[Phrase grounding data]

#####

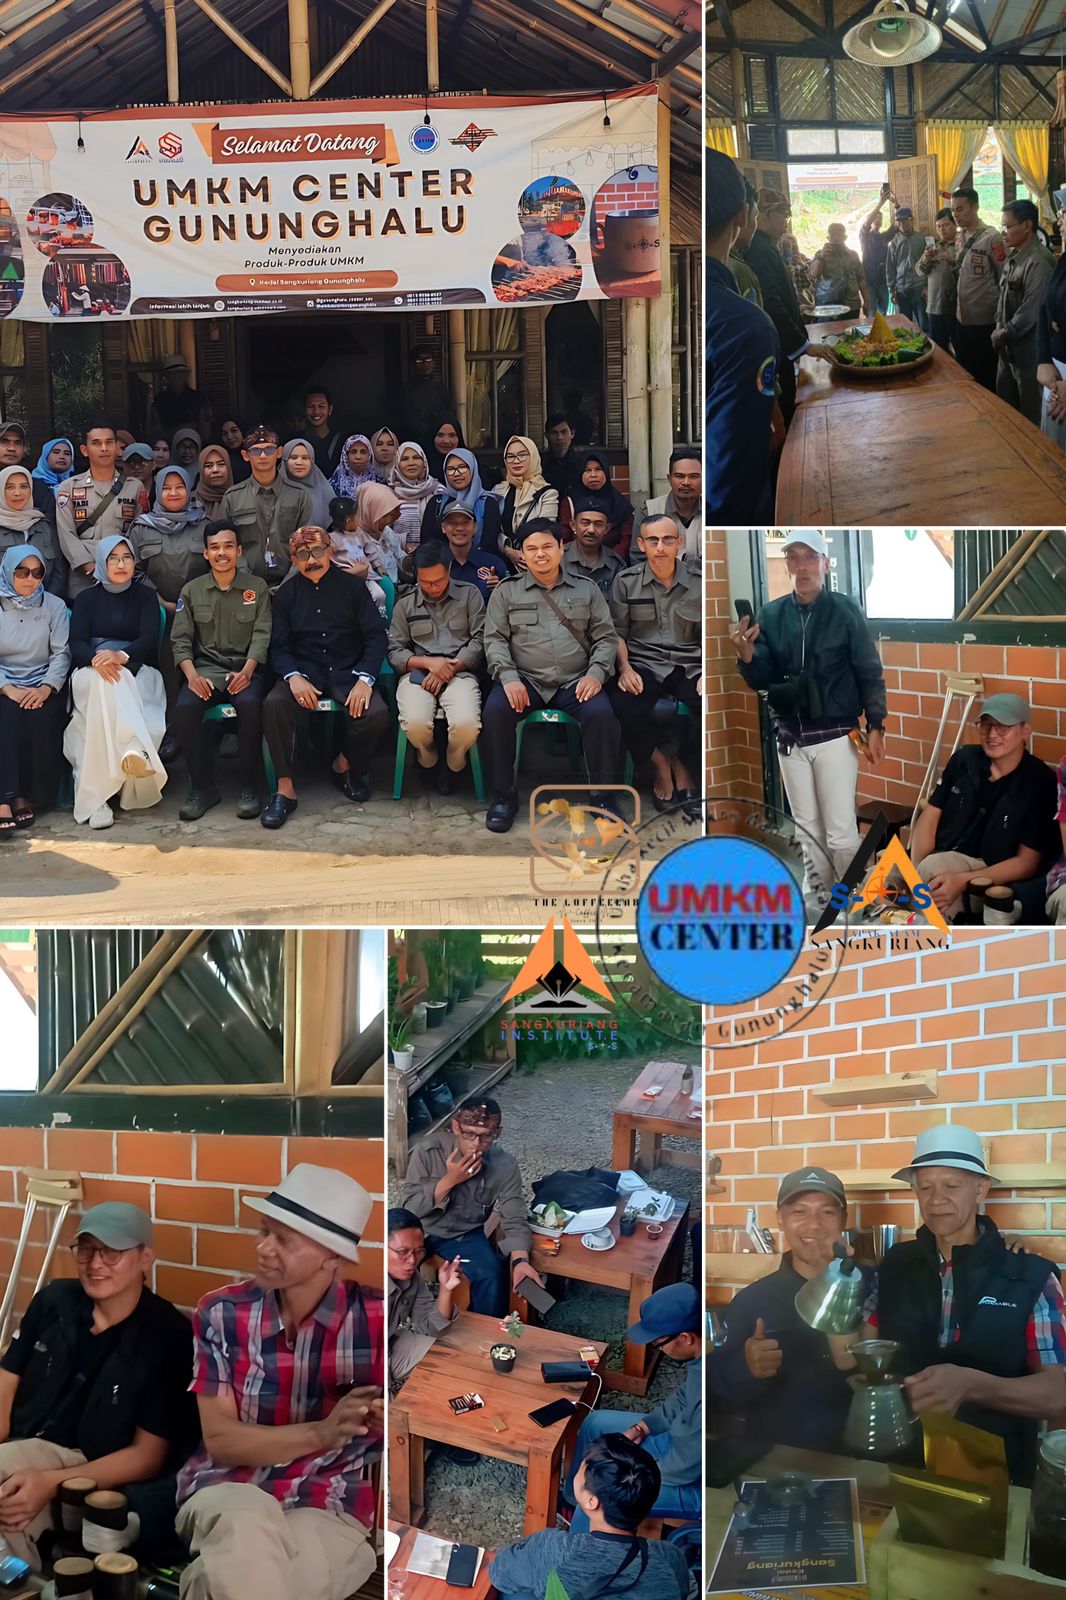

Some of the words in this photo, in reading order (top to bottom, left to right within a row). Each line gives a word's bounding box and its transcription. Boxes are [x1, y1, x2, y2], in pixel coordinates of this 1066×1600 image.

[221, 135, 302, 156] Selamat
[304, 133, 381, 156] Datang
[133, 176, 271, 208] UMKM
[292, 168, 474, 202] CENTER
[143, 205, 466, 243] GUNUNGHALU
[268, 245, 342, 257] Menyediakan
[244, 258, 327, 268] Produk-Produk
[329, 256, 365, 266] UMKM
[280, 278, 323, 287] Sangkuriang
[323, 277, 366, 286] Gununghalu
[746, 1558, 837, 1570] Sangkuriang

#####

Whenever images occur above, omit them and retype each line exactly as it stands.

> **EXERCISE RESPONSE**:
Some of the words in this photo, in reading order (top to bottom, left to right within a row). Each line gives a word's bounding box and its transcription. Boxes are [x1, y1, x2, y2], in pixel coordinates of this 1066×1600 image.

[221, 135, 302, 156] Selamat
[304, 133, 381, 156] Datang
[133, 176, 271, 208] UMKM
[292, 168, 474, 202] CENTER
[143, 205, 466, 243] GUNUNGHALU
[268, 245, 342, 257] Menyediakan
[244, 258, 327, 268] Produk-Produk
[329, 256, 365, 266] UMKM
[280, 278, 323, 287] Sangkuriang
[323, 277, 366, 286] Gununghalu
[746, 1558, 837, 1570] Sangkuriang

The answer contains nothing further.